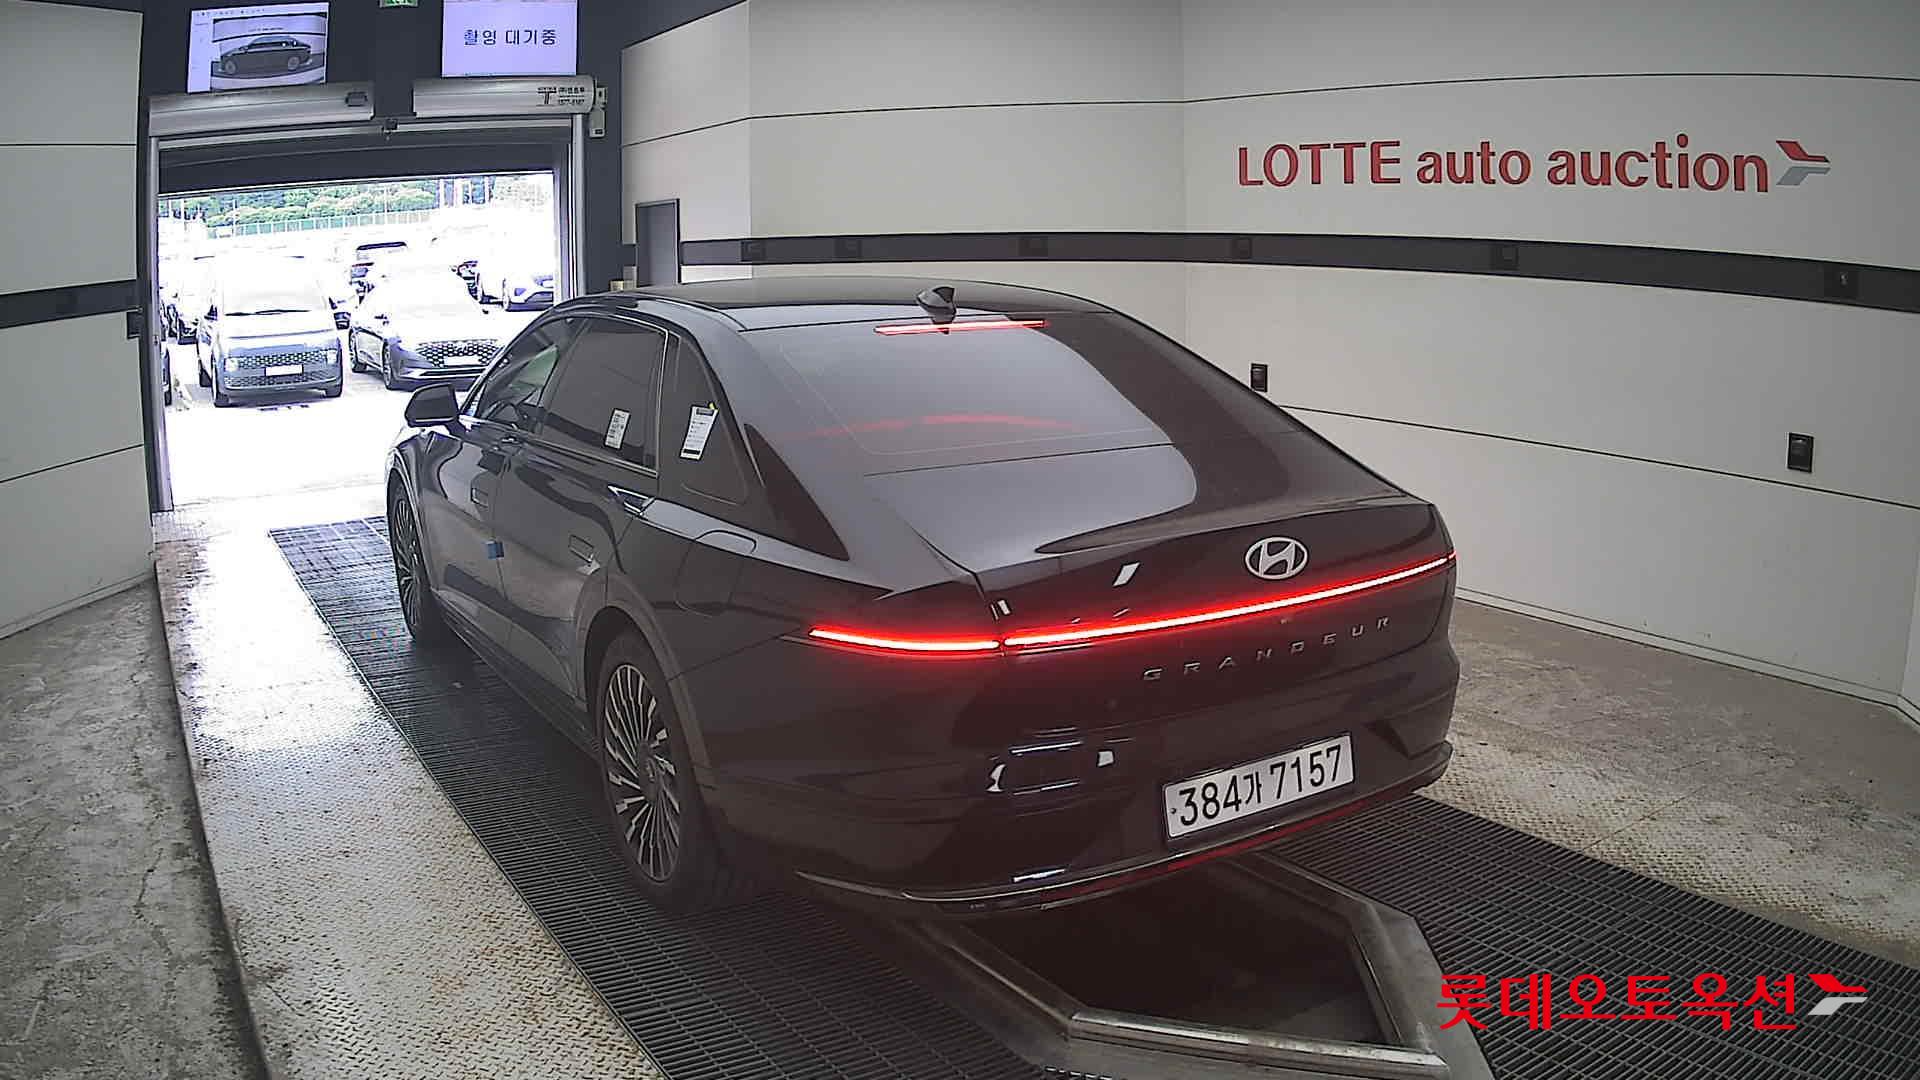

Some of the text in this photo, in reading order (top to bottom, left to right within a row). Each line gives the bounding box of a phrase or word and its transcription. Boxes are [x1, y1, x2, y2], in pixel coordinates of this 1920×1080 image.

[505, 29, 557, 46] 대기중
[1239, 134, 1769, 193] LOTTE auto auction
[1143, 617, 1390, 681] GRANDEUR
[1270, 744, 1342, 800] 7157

Task to complete
When you repeat the data, keep every line exact and drop the images.

Response below
Some of the text in this photo, in reading order (top to bottom, left to right within a row). Each line gives the bounding box of a phrase or word and its transcription. Boxes are [x1, y1, x2, y2], in pixel coordinates of this 1920×1080 image.

[505, 29, 557, 46] 대기중
[1239, 134, 1769, 193] LOTTE auto auction
[1143, 617, 1390, 681] GRANDEUR
[1270, 744, 1342, 800] 7157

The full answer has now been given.